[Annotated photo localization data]
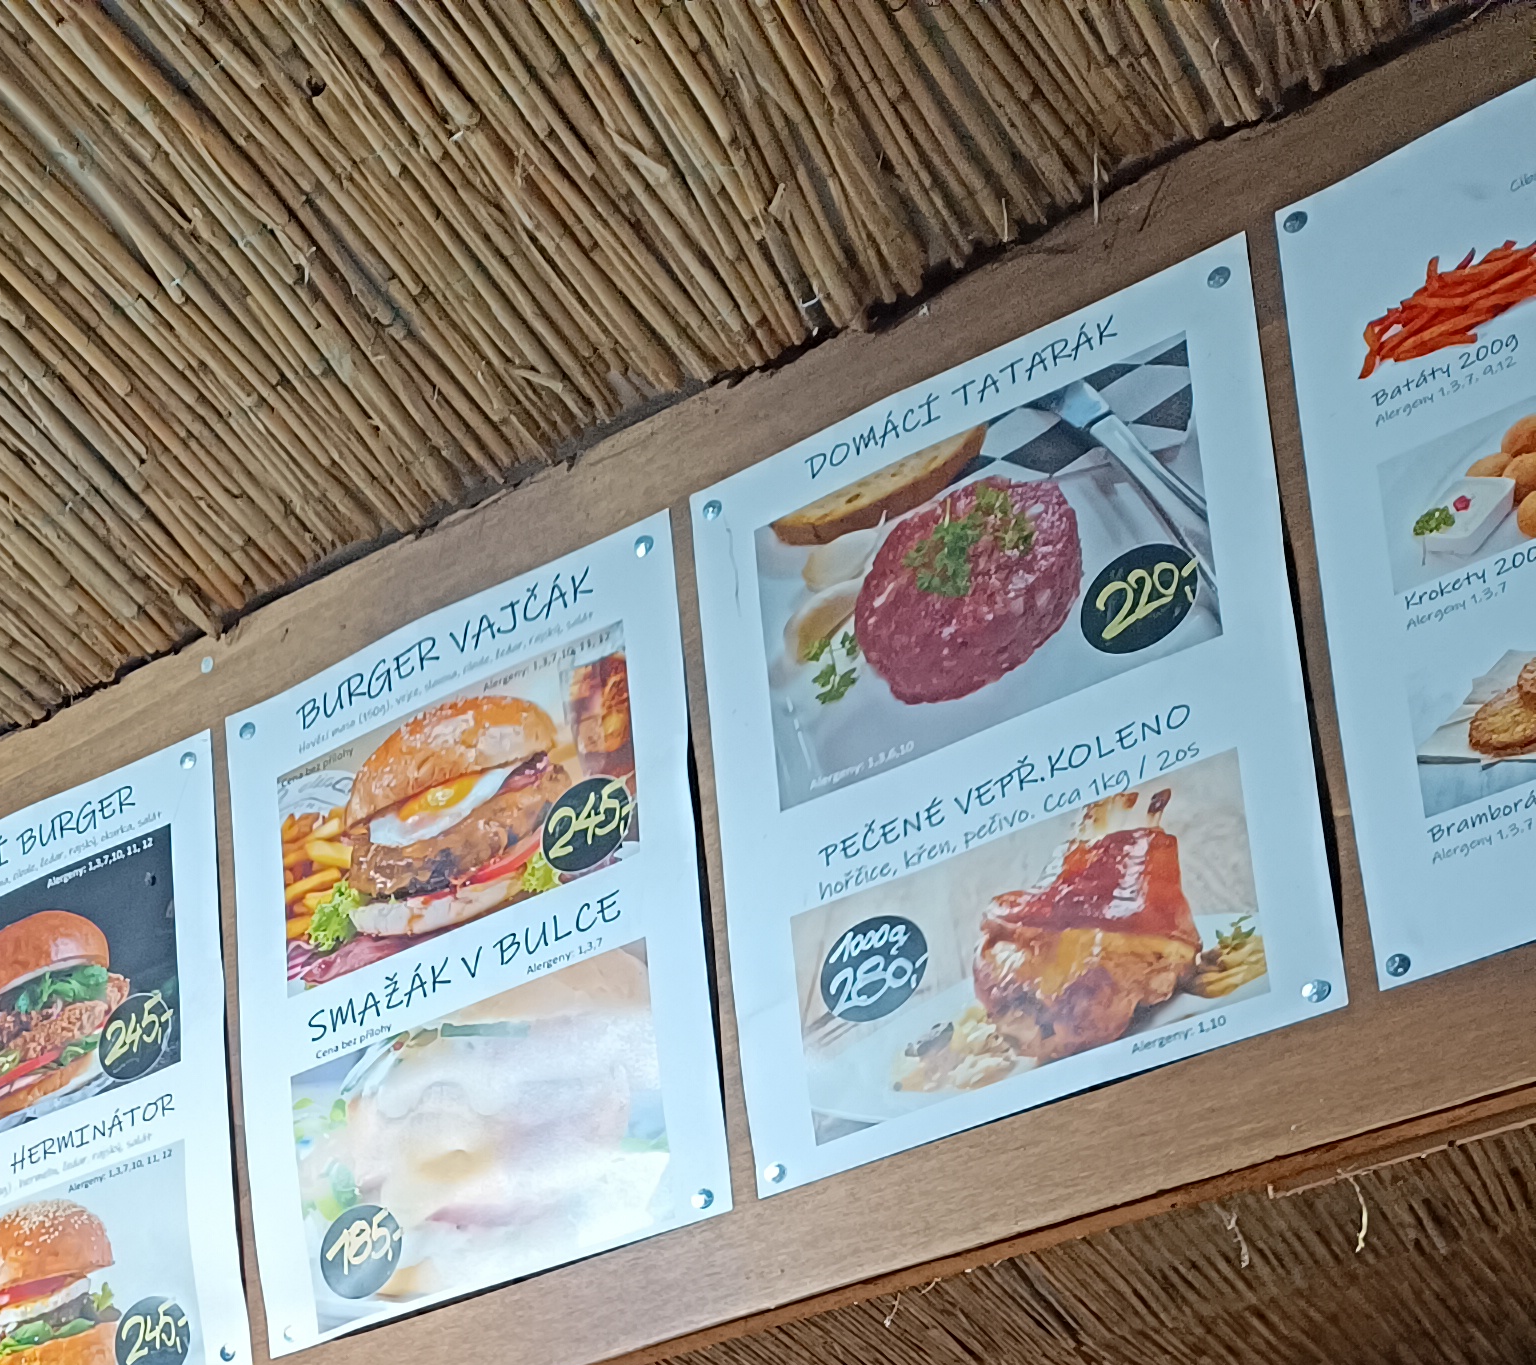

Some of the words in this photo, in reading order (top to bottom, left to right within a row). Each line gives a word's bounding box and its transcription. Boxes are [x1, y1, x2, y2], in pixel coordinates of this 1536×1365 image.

[804, 393, 943, 480] DOMÁCÍ
[952, 314, 1120, 407] TATARÁK
[1372, 362, 1451, 408] Batáty
[1459, 333, 1519, 370] 200g
[1404, 568, 1486, 610] Krokety
[296, 636, 440, 731] BURGER
[449, 565, 594, 654] VAJČÁK
[15, 785, 137, 855] BURGER
[817, 796, 947, 868] PEČENÉ
[307, 956, 451, 1042] SMAŽÁK
[461, 946, 483, 980] V
[493, 889, 623, 966] BULCE
[315, 1041, 339, 1060] Cena
[341, 1034, 358, 1052] bez
[359, 1022, 392, 1045] přílohy
[10, 1092, 176, 1174] HERMINÁTOR
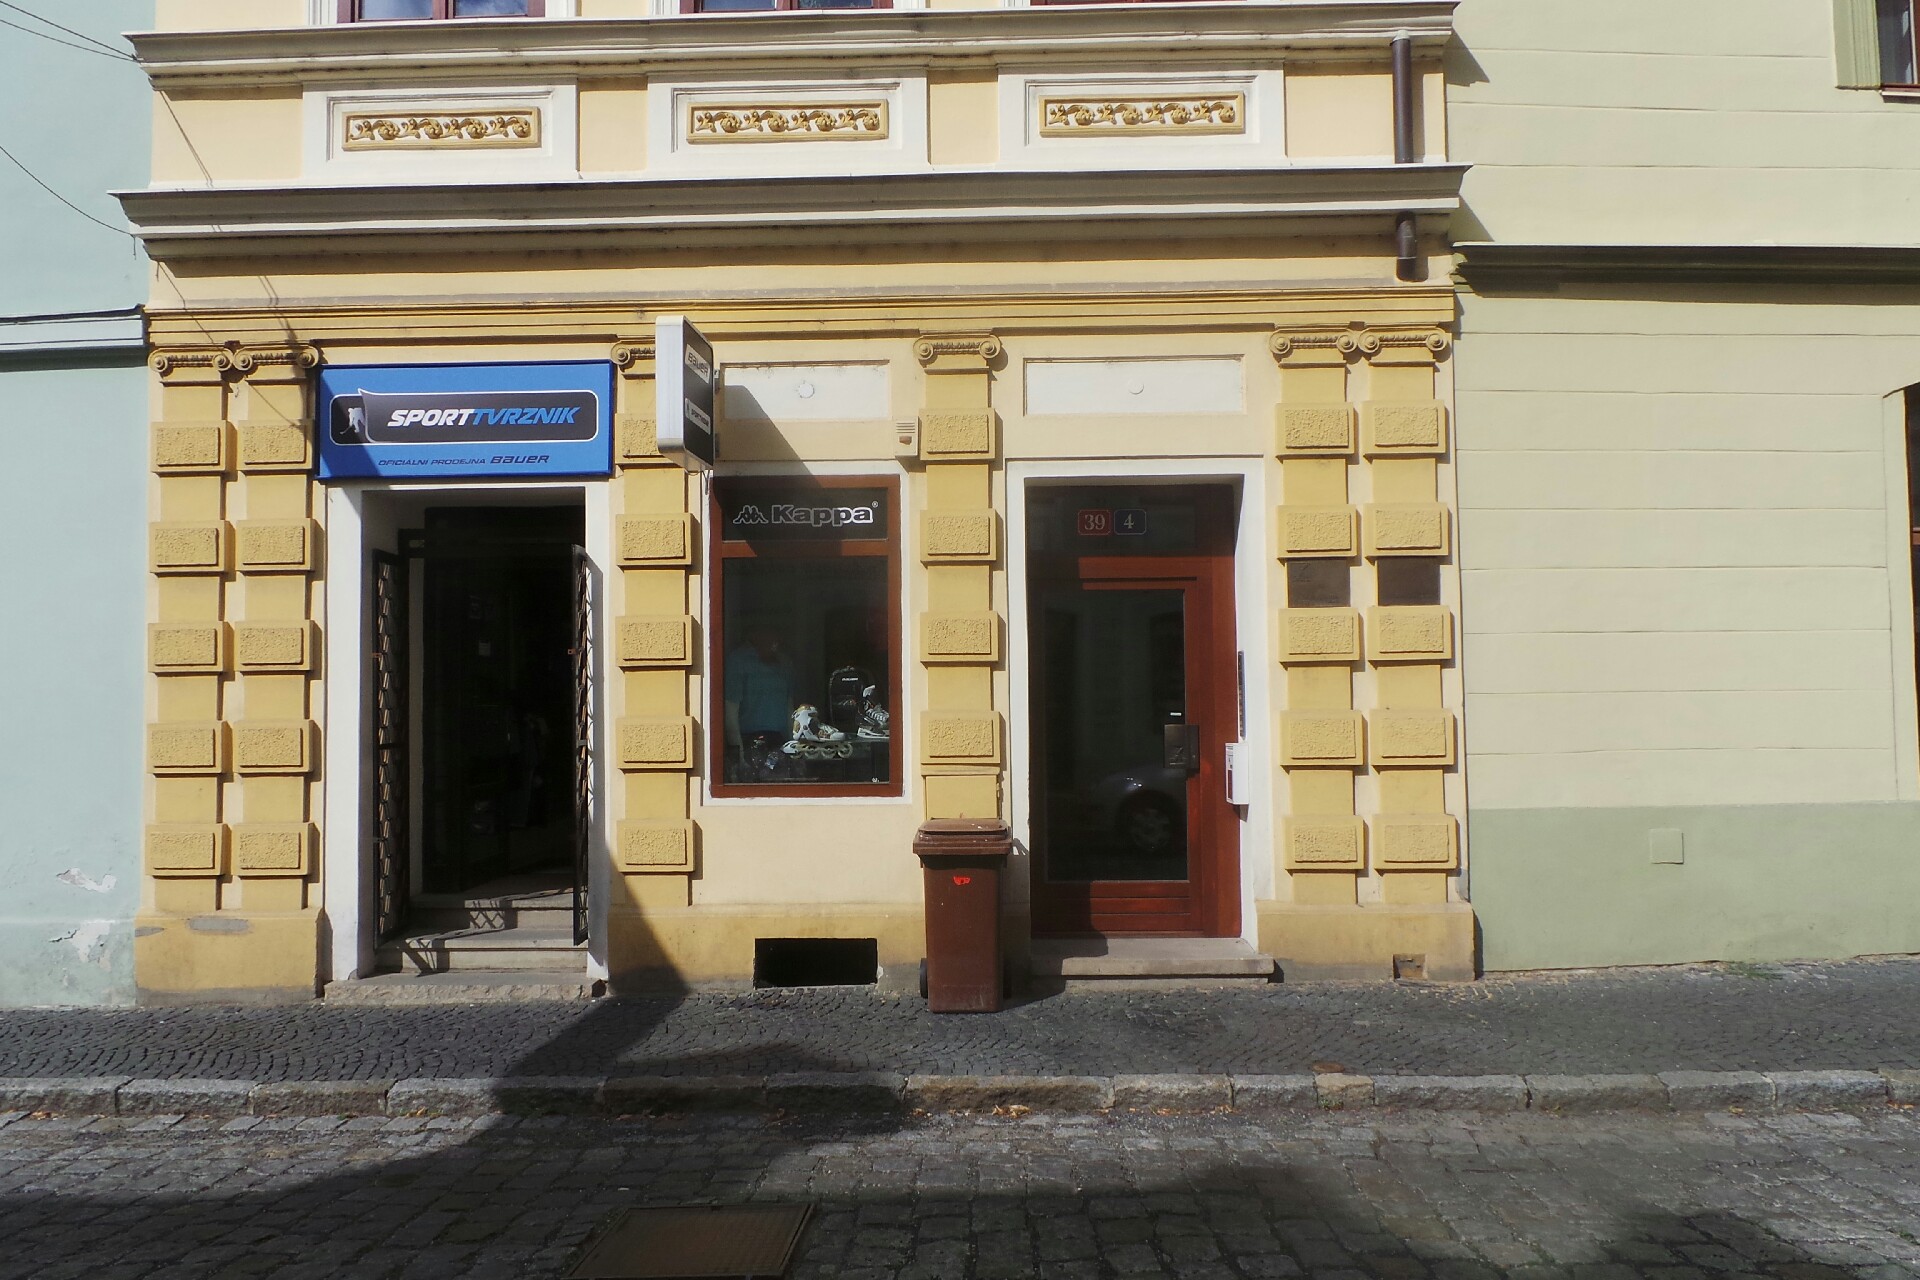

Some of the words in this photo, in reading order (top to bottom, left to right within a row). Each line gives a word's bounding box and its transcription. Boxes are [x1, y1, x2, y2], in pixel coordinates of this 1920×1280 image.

[387, 407, 581, 427] SPORTTVRZNIK
[430, 458, 486, 466] PRODEJNA
[771, 504, 874, 527] Kappa
[1084, 514, 1106, 530] 39
[1123, 513, 1135, 529] 4

PROBLEM TO WORK ON
All the lines above are to be given again exactly as they read, with the pictures removed.

TASK RESULT
Some of the words in this photo, in reading order (top to bottom, left to right within a row). Each line gives a word's bounding box and its transcription. Boxes are [x1, y1, x2, y2], in pixel coordinates of this 1536×1365 image.

[804, 393, 943, 480] DOMÁCÍ
[952, 314, 1120, 407] TATARÁK
[1372, 362, 1451, 408] Batáty
[1459, 333, 1519, 370] 200g
[1404, 568, 1486, 610] Krokety
[296, 636, 440, 731] BURGER
[449, 565, 594, 654] VAJČÁK
[15, 785, 137, 855] BURGER
[817, 796, 947, 868] PEČENÉ
[307, 956, 451, 1042] SMAŽÁK
[461, 946, 483, 980] V
[493, 889, 623, 966] BULCE
[315, 1041, 339, 1060] Cena
[341, 1034, 358, 1052] bez
[359, 1022, 392, 1045] přílohy
[10, 1092, 176, 1174] HERMINÁTOR

Some of the words in this photo, in reading order (top to bottom, left to right within a row). Each line gives a word's bounding box and its transcription. Boxes are [x1, y1, x2, y2], in pixel coordinates of this 1920×1280 image.

[387, 407, 581, 427] SPORTTVRZNIK
[430, 458, 486, 466] PRODEJNA
[771, 504, 874, 527] Kappa
[1084, 514, 1106, 530] 39
[1123, 513, 1135, 529] 4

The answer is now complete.